Third, ask questions about the surgeons themselves and the other doctors that we will following you as an in-patient after the procedure. Learn about their credentials and background from searching the internet and not just relying on the center's own materials and website. Don't be bashful to ask them about current or past lawsuits brought by patients for medical malpractice. Remember, it's your life and health at stake.
Fourth, remember that this is an invasive surgery under anesthesia. A number of things can go very wrong during the surgery itself or due to post-operative complications. Death and subsequent surgeries are very possible risks of the procedures.
My law office currently has a medical malpractice lawsuit pending against the Barix Clinic in Ypsilanti, Michigan. The lawsuit alleges that the patient was not properly diagnosed with a bowel obstruction after surgery and was discharged home. She later went to another hospital and underwent a surgery to repair the condition, but complications arose in that surgery also. She spent several months in the ICU fighting for her life. The Defendant Forest Health Medical Center and its surgeon, Dr. John Schram, M.D. deny any negligence in the case.
While this Barix Clinic may have a large number of successful outcomes, they also have their share of bad ones. Several lawsuits have been filed in the past by patients and their heirs in the Washtenaw County Circuit Court in Ann Arbor, Michigan. Cases that have settled are subject to confidentiality but the files are available to review at the court clerks office in the civil division at the courthouse.
In my current case, I have learned several things that may give potential patients concerns about having surgery at the Barix Clinic in Michigan. I have listed below a number of things that you may want to know about this clinic from my current pending case. These may have changed since then so be sure to ask about them if you make an appointment or attend a seminar:
- The Barix Clinic at Forest Health does not have an emergency department like a regular hospital. There are no emergency room physicians available to treat an emergent medical condition after hours. The patient would have to be rushed by ambulance to another local hospital.

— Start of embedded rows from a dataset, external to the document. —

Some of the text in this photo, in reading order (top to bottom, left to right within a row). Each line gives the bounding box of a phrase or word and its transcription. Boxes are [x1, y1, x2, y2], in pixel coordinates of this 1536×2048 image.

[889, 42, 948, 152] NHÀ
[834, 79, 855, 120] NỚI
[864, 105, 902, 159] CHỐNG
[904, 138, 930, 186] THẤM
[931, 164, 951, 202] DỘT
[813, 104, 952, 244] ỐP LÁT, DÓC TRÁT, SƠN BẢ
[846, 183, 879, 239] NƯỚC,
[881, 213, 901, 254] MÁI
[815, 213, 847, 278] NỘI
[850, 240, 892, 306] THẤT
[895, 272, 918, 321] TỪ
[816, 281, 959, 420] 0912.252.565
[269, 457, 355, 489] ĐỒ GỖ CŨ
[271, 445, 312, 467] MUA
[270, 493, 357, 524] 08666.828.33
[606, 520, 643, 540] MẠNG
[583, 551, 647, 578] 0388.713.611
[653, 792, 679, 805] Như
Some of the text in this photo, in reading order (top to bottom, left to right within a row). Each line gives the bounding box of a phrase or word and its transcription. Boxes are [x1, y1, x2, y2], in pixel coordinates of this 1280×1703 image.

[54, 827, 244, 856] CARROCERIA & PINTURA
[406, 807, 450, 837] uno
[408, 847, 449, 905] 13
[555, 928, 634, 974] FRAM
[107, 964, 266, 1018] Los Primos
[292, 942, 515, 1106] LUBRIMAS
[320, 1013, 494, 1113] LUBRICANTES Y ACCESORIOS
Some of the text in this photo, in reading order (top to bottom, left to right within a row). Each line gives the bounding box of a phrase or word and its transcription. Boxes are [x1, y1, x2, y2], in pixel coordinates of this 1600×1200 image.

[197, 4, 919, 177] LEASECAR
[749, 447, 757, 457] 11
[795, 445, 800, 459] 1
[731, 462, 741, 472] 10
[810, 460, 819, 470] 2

- The Barix Clinic does not have a CT Scan to check for post-operative complications, like a bowel obstruction or post-surgical leak. The patient would have to be taken to another facility for this type of study.
- Read the fine print in the papers you sign before your operation. In my case, the fine print says that the surgeons are not employed by Forest Health Medical Center and are independent contractors. The facility is trying to avoid liability by claiming that it did not employ the doctors who worked there and treated the patient. Your paperwork may be different but you will want to read it carefully.
- There are no physicians or surgeons at the facility after hours to see patients. Most hospitals have medical residents and interns to round on patients during the night and to report to the attending surgeon if there are any complications or concerns.
- The facility has an after hours hotline to call with any problems, but your call may not be returned by the surgeon who did your surgery.
Most major Michigan hospitals have their own bariatric centers, like the University of Michigan and William Beaumont Hospital. If you are concerned about undergoing a major surgery at a surgical center instead of a major hospital, you may want to check out those bariatric programs as well. The bottom line is that you need to research your surgeon and facility before undergoing weight loss surgery. You may feel comfortable with Barix at Forest Health in Michigan after doing your due diligence, but don't be afraid to ask the important questions. Your life and future health depend on it.